I can. Only mine. The process

involves adding more, not less,

the same way you do most of the days,

except those when it rains

in the excuse of this balcony or

when it shines and you stare downwards,

see the hissing serpent of the traffic

looking up at you, out of reach.

I do not rerun the tapes, listen

to the protest pops from the Nam times.

Rain writhes to arrest my mind,

albeit an antiquated man has his disinterests.

I say, “Just forget.”

I Was as Cold as a Razorblade

In the late autumn winter

whimpers in her oxygen tent,

and we nurse this premature child,

see her wither, bloom, sear, brown, exsiccate.

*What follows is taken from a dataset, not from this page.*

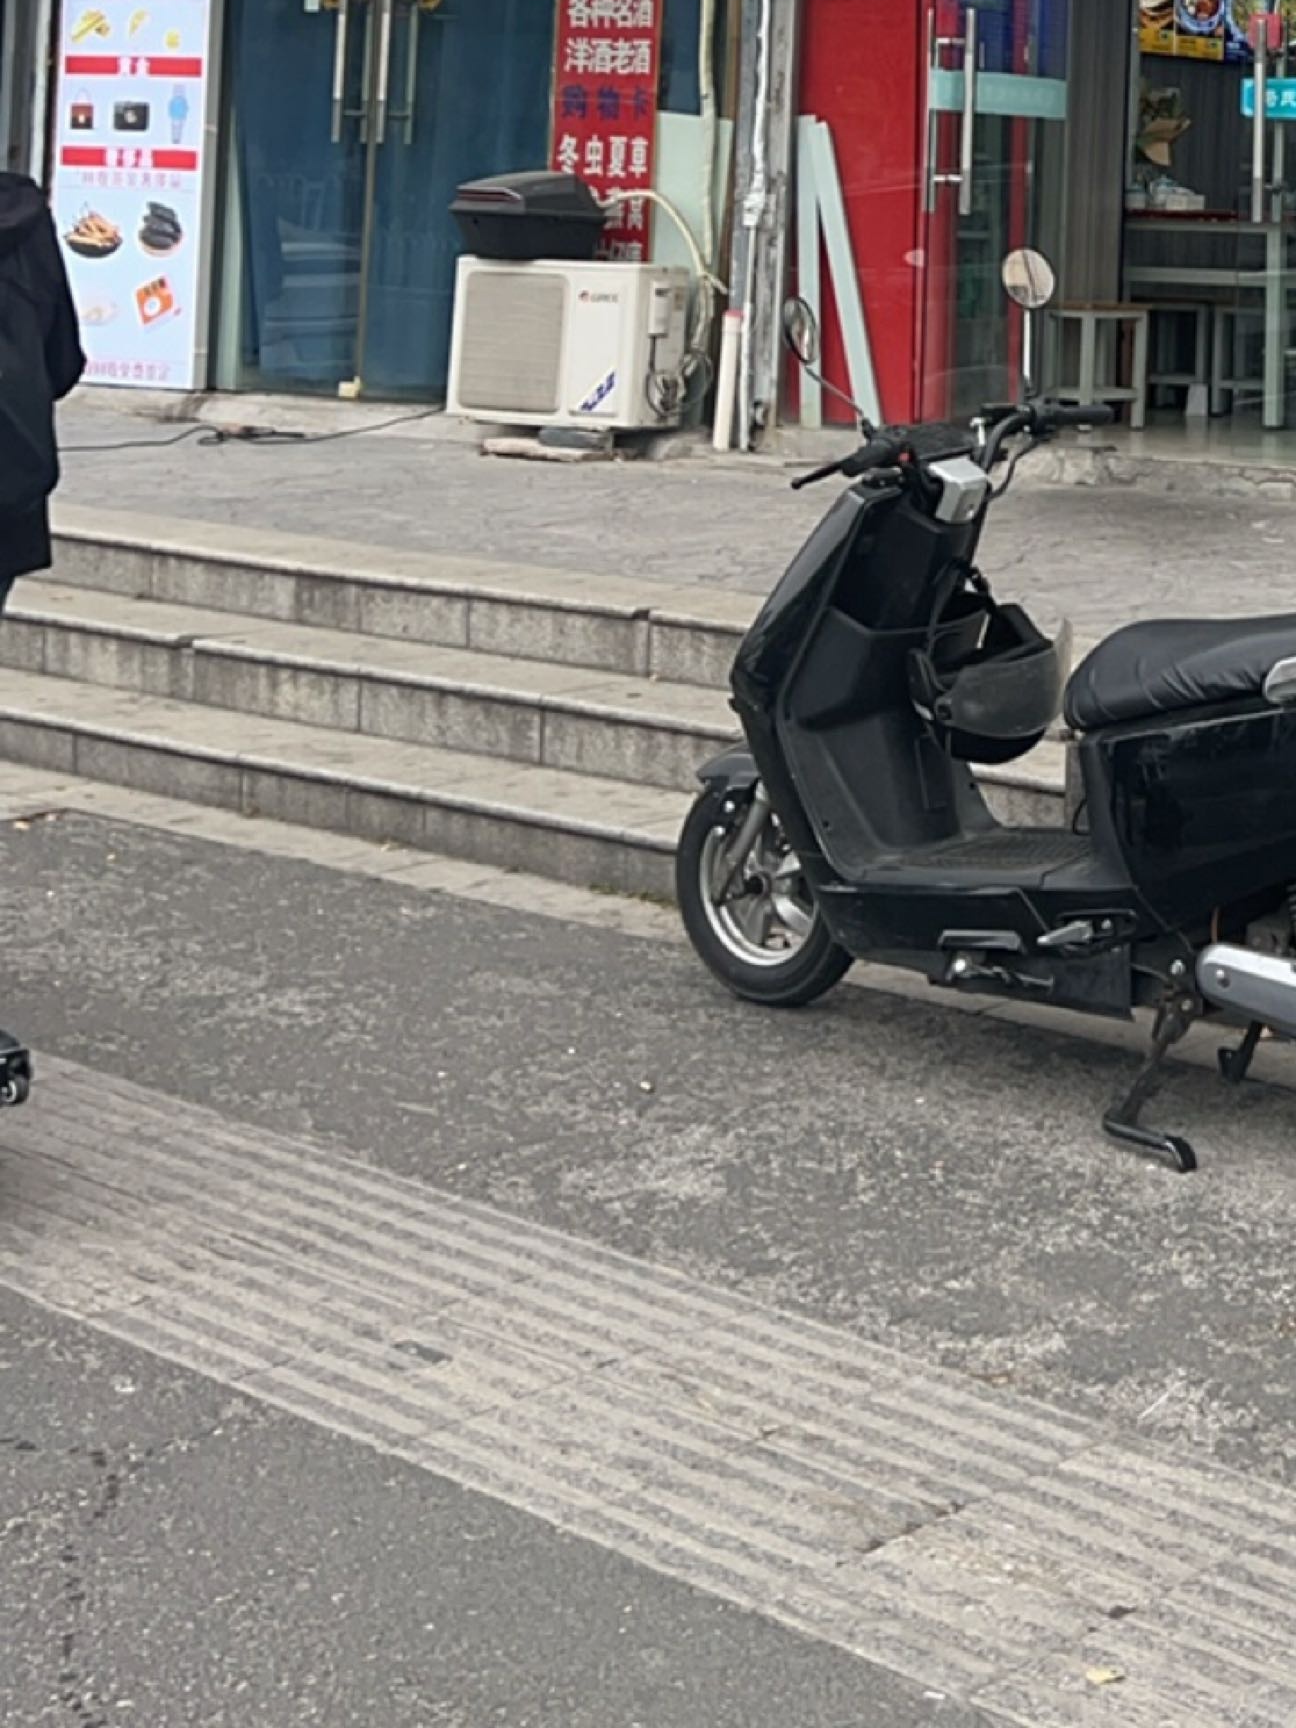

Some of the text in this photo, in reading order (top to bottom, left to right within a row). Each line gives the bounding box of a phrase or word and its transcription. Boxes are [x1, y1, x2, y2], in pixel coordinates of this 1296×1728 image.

[564, 37, 652, 75] 洋酒老酒
[557, 134, 649, 179] 冬虫夏草

Hence December surprises us

when she arrives for a date

wearing white sleeveless

and drinks from someone else’s chalet.

The potion was red. The poison bears no effect.

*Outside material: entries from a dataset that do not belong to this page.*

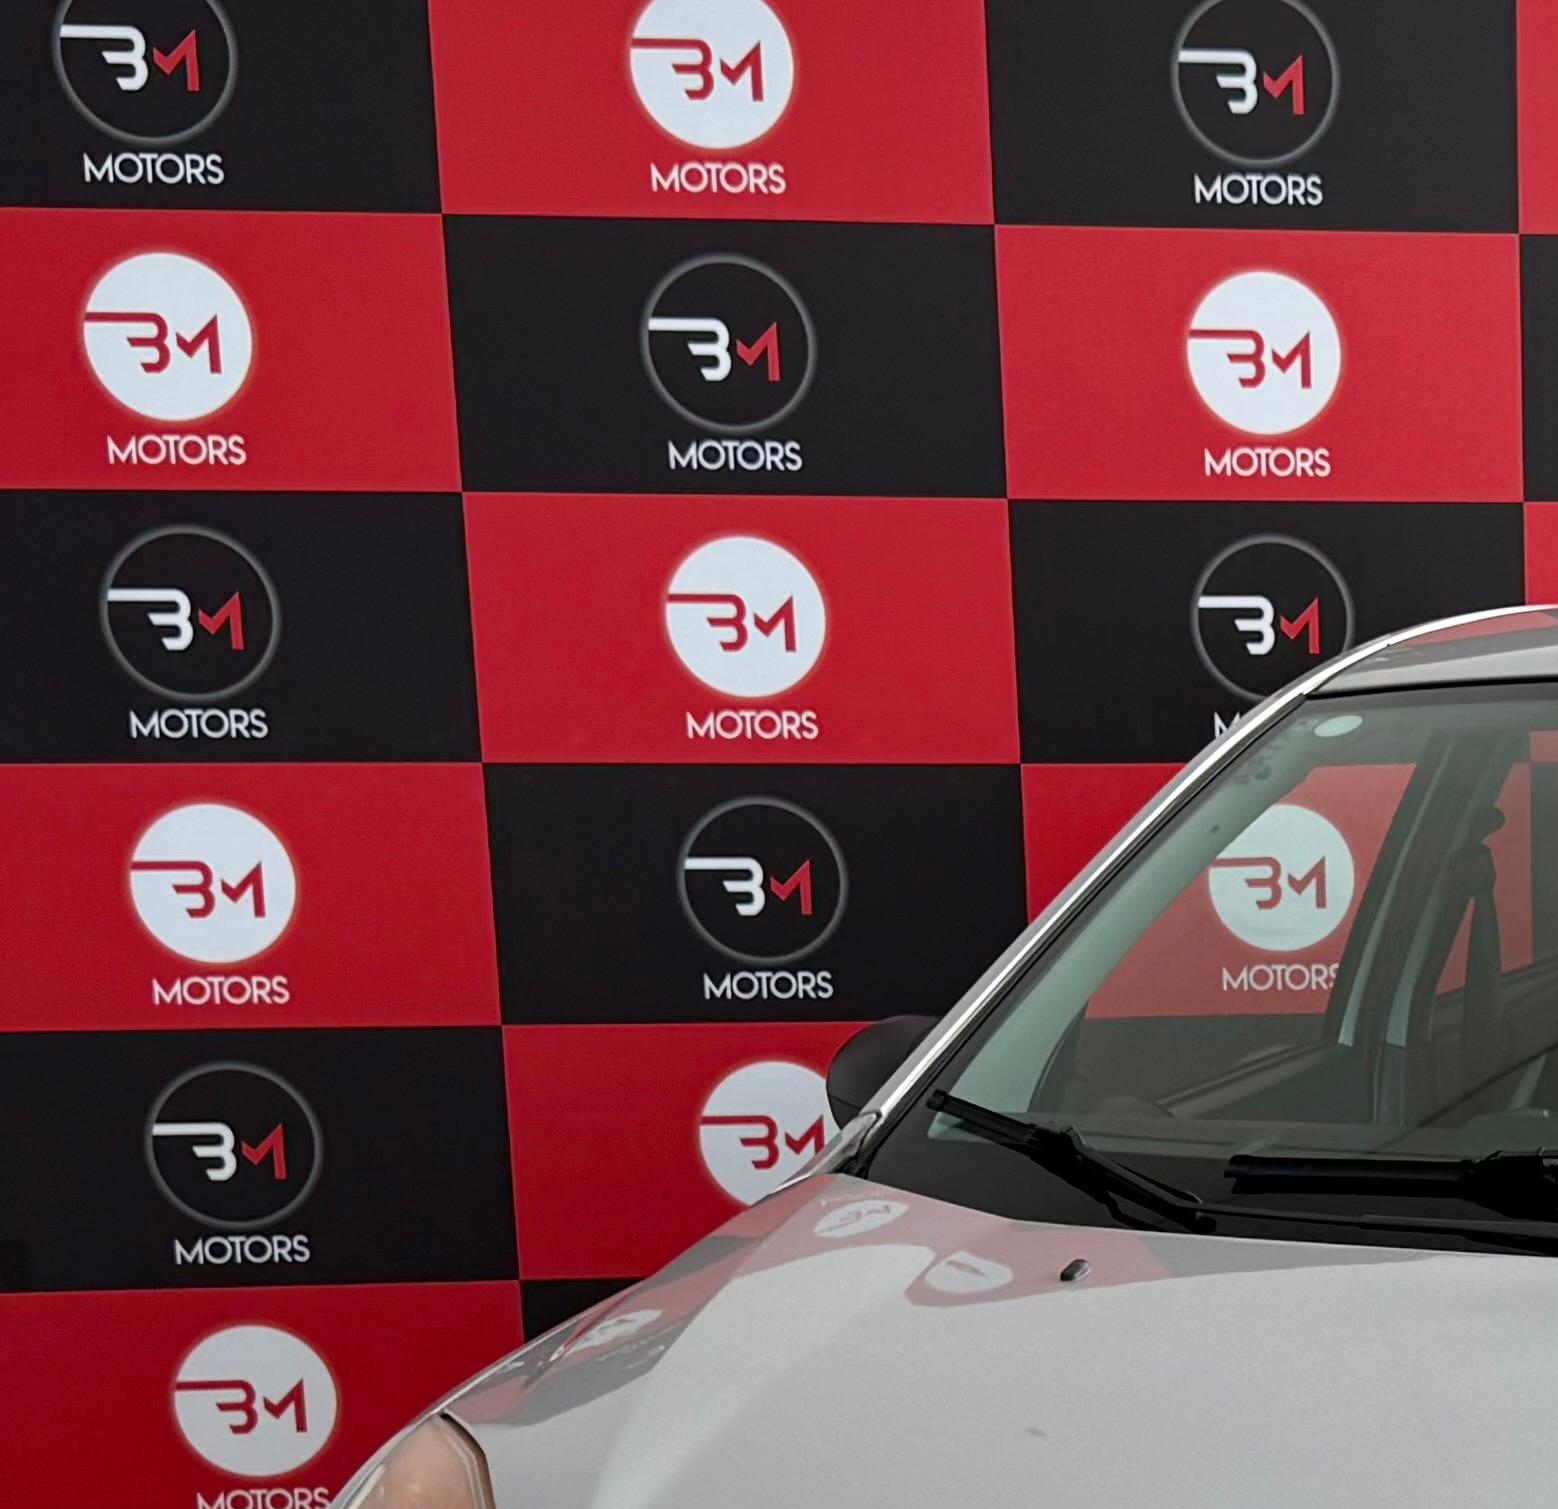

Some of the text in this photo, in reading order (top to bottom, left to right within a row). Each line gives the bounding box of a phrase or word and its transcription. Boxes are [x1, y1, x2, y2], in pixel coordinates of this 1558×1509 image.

[60, 25, 200, 91] BM
[631, 39, 764, 102] BM
[1179, 50, 1305, 115] BM
[84, 153, 224, 185] MOTORS
[651, 162, 786, 194] MOTORS
[1195, 174, 1322, 205] MOTORS
[85, 311, 222, 375] BM
[649, 317, 780, 382] BM
[1189, 329, 1312, 390] BM
[107, 435, 246, 465] MOTORS
[668, 440, 802, 471] MOTORS
[1204, 448, 1331, 478] MOTORS
[107, 588, 245, 651] BM
[667, 593, 797, 653] BM
[1198, 595, 1320, 655] BM
[130, 708, 268, 739] MOTORS
[687, 709, 818, 739] MOTORS
[131, 860, 266, 918] BM
[684, 857, 812, 916] BM
[1211, 856, 1327, 910] BM
[152, 975, 290, 1005] MOTORS
[704, 971, 833, 999] MOTORS
[152, 1122, 287, 1181] BM
[700, 1114, 825, 1170] BM
[174, 1235, 310, 1264] MOTORS
[175, 1378, 308, 1435] BM

We toss our fedoras, shuffle to dance,

tire out and stroll outside,

our feet disappearing inside

the heart of crushed water.

Our hands in the pockets of warmth

seeks for a tinge of Yes

and finds some forlorn gums

we keep for protection’s sake.

*The title is wordplay on Leonard Cohen’s So Long, Marianne

Milestones

We sit there, oracling,

drinking for ages; we

chat about different drinking-ages

and different countries;

sun sets in liver tinge;

pigment of the stream cooling,

fibers of our thoughts unreeling,

we sit there, eyes on nil.

We sit there, nothing,

and water pegs down our shadows

as if those will be its

Maypoles and wheel – time will swing by.

Raising The Time

The torn dress from

the fundraising dance

taps some memory cells;

half of you desire to

make a mop out of its residue,

but since you cannot wipe

enough memories

your hands force it down

against your thighs.

I suggest –

“Let’s raise the time again.

Time and again.”

A GLACIER FOR THOUGHTS

The eye in the pink sky
denies any foresight.
“We have a glacier melting
in
Himalaya.” Says pop folding his freewill.

This means it will be
the rush-hour of depression
in his ecosystem,
and the day remains naïve native
accepting gifts from our invasions.

A coin decides
whether my sister
will enter in her classroom
and
shoot everyone or waive this.

“Don’t!” I whisper.
“Yes.” Pop says
on a topic irrelevant.

A crow on the ceiling fan
caws a dream
melting as my pop’s coral reef
corrodes away within.

Love Thy Father

You still love your father,
and do the one thing
that destroys him every day

and rebuild him again
as if he is naphtha or plastic.
His quick silver hand quavers with

the weight of your
nocturnal telephone calls-
“Hello! How are you?”

You always say,
“Talking to you dad,
is a remembrance of my mom’s winter.”

The State of Being During An Autumn Day

Autumnal gloaming, chill-filtered,
retains most of the darkness.
I stare at the pecans a hit-and-run
windy incident has crashed into the yard
I can always trespass leaving no evidence.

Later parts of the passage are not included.